[Opening Input material section]

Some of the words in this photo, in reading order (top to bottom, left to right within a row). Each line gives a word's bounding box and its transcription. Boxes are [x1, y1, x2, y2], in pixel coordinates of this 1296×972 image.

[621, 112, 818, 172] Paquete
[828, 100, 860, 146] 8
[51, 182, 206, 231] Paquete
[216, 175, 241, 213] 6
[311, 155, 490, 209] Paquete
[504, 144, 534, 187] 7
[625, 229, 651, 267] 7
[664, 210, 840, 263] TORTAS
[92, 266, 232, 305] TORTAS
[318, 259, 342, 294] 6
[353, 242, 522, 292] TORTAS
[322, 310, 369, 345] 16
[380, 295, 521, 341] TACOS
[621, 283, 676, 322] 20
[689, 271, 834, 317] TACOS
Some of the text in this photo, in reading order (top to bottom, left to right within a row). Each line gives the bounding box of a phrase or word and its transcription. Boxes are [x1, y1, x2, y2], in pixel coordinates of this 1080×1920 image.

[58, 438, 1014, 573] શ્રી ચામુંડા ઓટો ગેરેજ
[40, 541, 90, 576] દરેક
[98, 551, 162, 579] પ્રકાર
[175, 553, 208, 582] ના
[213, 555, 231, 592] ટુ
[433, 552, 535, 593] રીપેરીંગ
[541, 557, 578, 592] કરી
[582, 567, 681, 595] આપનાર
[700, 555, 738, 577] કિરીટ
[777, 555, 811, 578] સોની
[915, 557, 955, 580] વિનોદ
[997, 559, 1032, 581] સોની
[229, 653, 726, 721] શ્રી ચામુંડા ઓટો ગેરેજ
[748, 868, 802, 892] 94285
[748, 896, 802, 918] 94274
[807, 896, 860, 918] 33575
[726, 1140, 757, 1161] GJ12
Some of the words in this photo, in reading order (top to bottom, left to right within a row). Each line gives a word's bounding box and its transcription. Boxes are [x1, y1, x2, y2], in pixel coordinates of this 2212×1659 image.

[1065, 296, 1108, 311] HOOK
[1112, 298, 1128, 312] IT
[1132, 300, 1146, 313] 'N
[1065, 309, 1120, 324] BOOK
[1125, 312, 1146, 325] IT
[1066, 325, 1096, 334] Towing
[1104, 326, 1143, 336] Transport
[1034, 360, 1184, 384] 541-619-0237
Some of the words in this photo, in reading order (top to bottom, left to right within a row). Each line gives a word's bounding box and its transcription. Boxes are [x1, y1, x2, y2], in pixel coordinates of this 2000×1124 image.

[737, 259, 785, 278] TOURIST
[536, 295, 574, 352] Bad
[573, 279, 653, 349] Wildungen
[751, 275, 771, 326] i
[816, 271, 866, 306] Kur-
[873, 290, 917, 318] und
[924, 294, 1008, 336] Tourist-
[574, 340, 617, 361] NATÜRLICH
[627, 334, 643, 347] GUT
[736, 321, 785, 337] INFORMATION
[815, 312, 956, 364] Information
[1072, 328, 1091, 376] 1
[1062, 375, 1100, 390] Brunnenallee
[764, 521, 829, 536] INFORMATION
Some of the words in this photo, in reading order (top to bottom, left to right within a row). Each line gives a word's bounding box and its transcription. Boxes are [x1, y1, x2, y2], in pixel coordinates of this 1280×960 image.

[Closing Input material section]

Problem - All of the data above is to be given again, word for word.

Task response -
Some of the words in this photo, in reading order (top to bottom, left to right within a row). Each line gives a word's bounding box and its transcription. Boxes are [x1, y1, x2, y2], in pixel coordinates of this 1296×972 image.

[621, 112, 818, 172] Paquete
[828, 100, 860, 146] 8
[51, 182, 206, 231] Paquete
[216, 175, 241, 213] 6
[311, 155, 490, 209] Paquete
[504, 144, 534, 187] 7
[625, 229, 651, 267] 7
[664, 210, 840, 263] TORTAS
[92, 266, 232, 305] TORTAS
[318, 259, 342, 294] 6
[353, 242, 522, 292] TORTAS
[322, 310, 369, 345] 16
[380, 295, 521, 341] TACOS
[621, 283, 676, 322] 20
[689, 271, 834, 317] TACOS
Some of the text in this photo, in reading order (top to bottom, left to right within a row). Each line gives the bounding box of a phrase or word and its transcription. Boxes are [x1, y1, x2, y2], in pixel coordinates of this 1080×1920 image.

[58, 438, 1014, 573] શ્રી ચામુંડા ઓટો ગેરેજ
[40, 541, 90, 576] દરેક
[98, 551, 162, 579] પ્રકાર
[175, 553, 208, 582] ના
[213, 555, 231, 592] ટુ
[433, 552, 535, 593] રીપેરીંગ
[541, 557, 578, 592] કરી
[582, 567, 681, 595] આપનાર
[700, 555, 738, 577] કિરીટ
[777, 555, 811, 578] સોની
[915, 557, 955, 580] વિનોદ
[997, 559, 1032, 581] સોની
[229, 653, 726, 721] શ્રી ચામુંડા ઓટો ગેરેજ
[748, 868, 802, 892] 94285
[748, 896, 802, 918] 94274
[807, 896, 860, 918] 33575
[726, 1140, 757, 1161] GJ12
Some of the words in this photo, in reading order (top to bottom, left to right within a row). Each line gives a word's bounding box and its transcription. Boxes are [x1, y1, x2, y2], in pixel coordinates of this 2212×1659 image.

[1065, 296, 1108, 311] HOOK
[1112, 298, 1128, 312] IT
[1132, 300, 1146, 313] 'N
[1065, 309, 1120, 324] BOOK
[1125, 312, 1146, 325] IT
[1066, 325, 1096, 334] Towing
[1104, 326, 1143, 336] Transport
[1034, 360, 1184, 384] 541-619-0237
Some of the words in this photo, in reading order (top to bottom, left to right within a row). Each line gives a word's bounding box and its transcription. Boxes are [x1, y1, x2, y2], in pixel coordinates of this 2000×1124 image.

[737, 259, 785, 278] TOURIST
[536, 295, 574, 352] Bad
[573, 279, 653, 349] Wildungen
[751, 275, 771, 326] i
[816, 271, 866, 306] Kur-
[873, 290, 917, 318] und
[924, 294, 1008, 336] Tourist-
[574, 340, 617, 361] NATÜRLICH
[627, 334, 643, 347] GUT
[736, 321, 785, 337] INFORMATION
[815, 312, 956, 364] Information
[1072, 328, 1091, 376] 1
[1062, 375, 1100, 390] Brunnenallee
[764, 521, 829, 536] INFORMATION
Some of the words in this photo, in reading order (top to bottom, left to right within a row). Each line gives a word's bounding box and its transcription. Boxes are [x1, y1, x2, y2], in pixel coordinates of this 1280×960 image.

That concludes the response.